And yet, politicians and policy makers across the U.S. and Canada, by their silence on the issue, continue to promote the big fib that idling is ‘no big deal.’ It’s as if they are telling the public “we don’t account for it, and neither should you. Go ahead and idle, it’s no big deal.” The inference is somehow, like magic, we will decarbonize our transportation system while actively ignoring the epidemic of idling fossil-fuelled vehicles all around us.?
A prime example:?The North Carolina Deep Decarbonization Pathways Analysis . Nowhere in this analysis can we find a reference to idle reduction or conservation of fuel from the state’s 3.2 Million fossil-fuelled vehicles. The words ‘idle’ or idling’ are nowhere to be found.?
These days, one literally requires blinders not to see the line-up of idling vehicles outside our kids’ schools, fouling the air inside and outside schools from coast to coast. The generation of carbon emissions from idling is truly appalling; typical American and Canadian motorists adding 100, 200 and 300 engine hours of idle time because they believe in ‘60’s idling myths’ handed down from the carburetor age as social gospel – “idling is good,” “restarts are bad” and “long warmups are good.”?
Here’s the ’$64,000 question’. How long will politicians avoid the inevitable; policy makers must address 8.8 billion gallons going up in smoke and the 44 million tons of carbon and exhaust being generated by current 310 million registered vehicles on the road now. Most of these vehicles are going to be around for a long time yet during this ‘climate crisis.’?If there is a legitimate inventory of carbon inventories from transportation, this metric has to be accounted for.
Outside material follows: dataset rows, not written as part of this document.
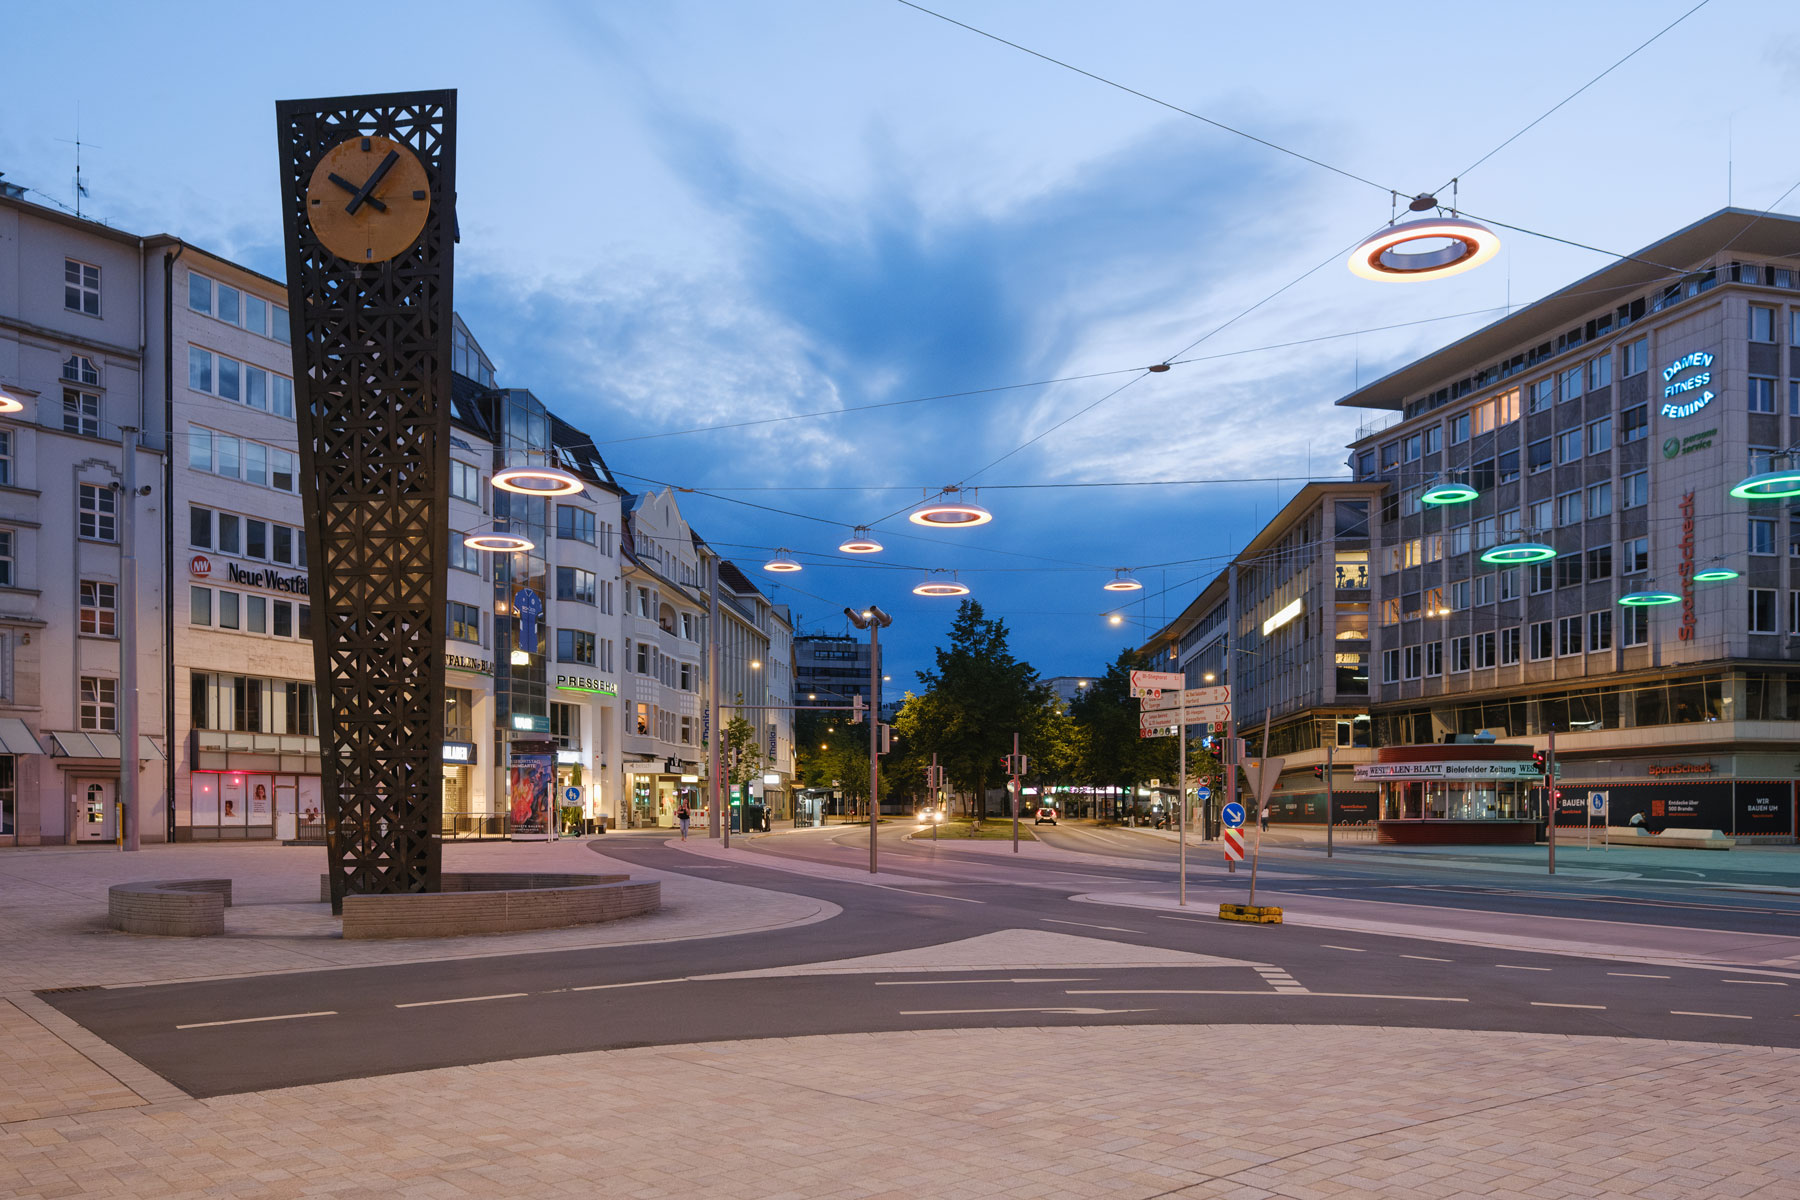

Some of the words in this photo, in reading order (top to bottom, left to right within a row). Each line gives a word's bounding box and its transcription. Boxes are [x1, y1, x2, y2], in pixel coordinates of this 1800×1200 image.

[1663, 352, 1714, 382] DAMEN
[1664, 372, 1711, 398] FITNESS
[1661, 390, 1715, 419] FEMINA
[193, 561, 209, 572] NW
[228, 562, 263, 588] Neue
[1678, 491, 1697, 641] SportScheck
[557, 675, 618, 693] PRESSEHA
[1446, 765, 1487, 774] Bielefelder
[1489, 765, 1516, 775] Zeitung
[1648, 762, 1712, 776] SportScheck
[1562, 798, 1585, 807] BAUEN
If policymakers truly are serious about squeezing out as much carbon (not to mention exhaust pollution) in our transportation system as soon as possible they will have to address the fact that Americans and Canadians do not know how to properly idle manage a 21stCentury vehicle at home or at work. My goodness. Virtually all original equipment manufacturers like Ford and Chevy say,?“do not idle our technology!”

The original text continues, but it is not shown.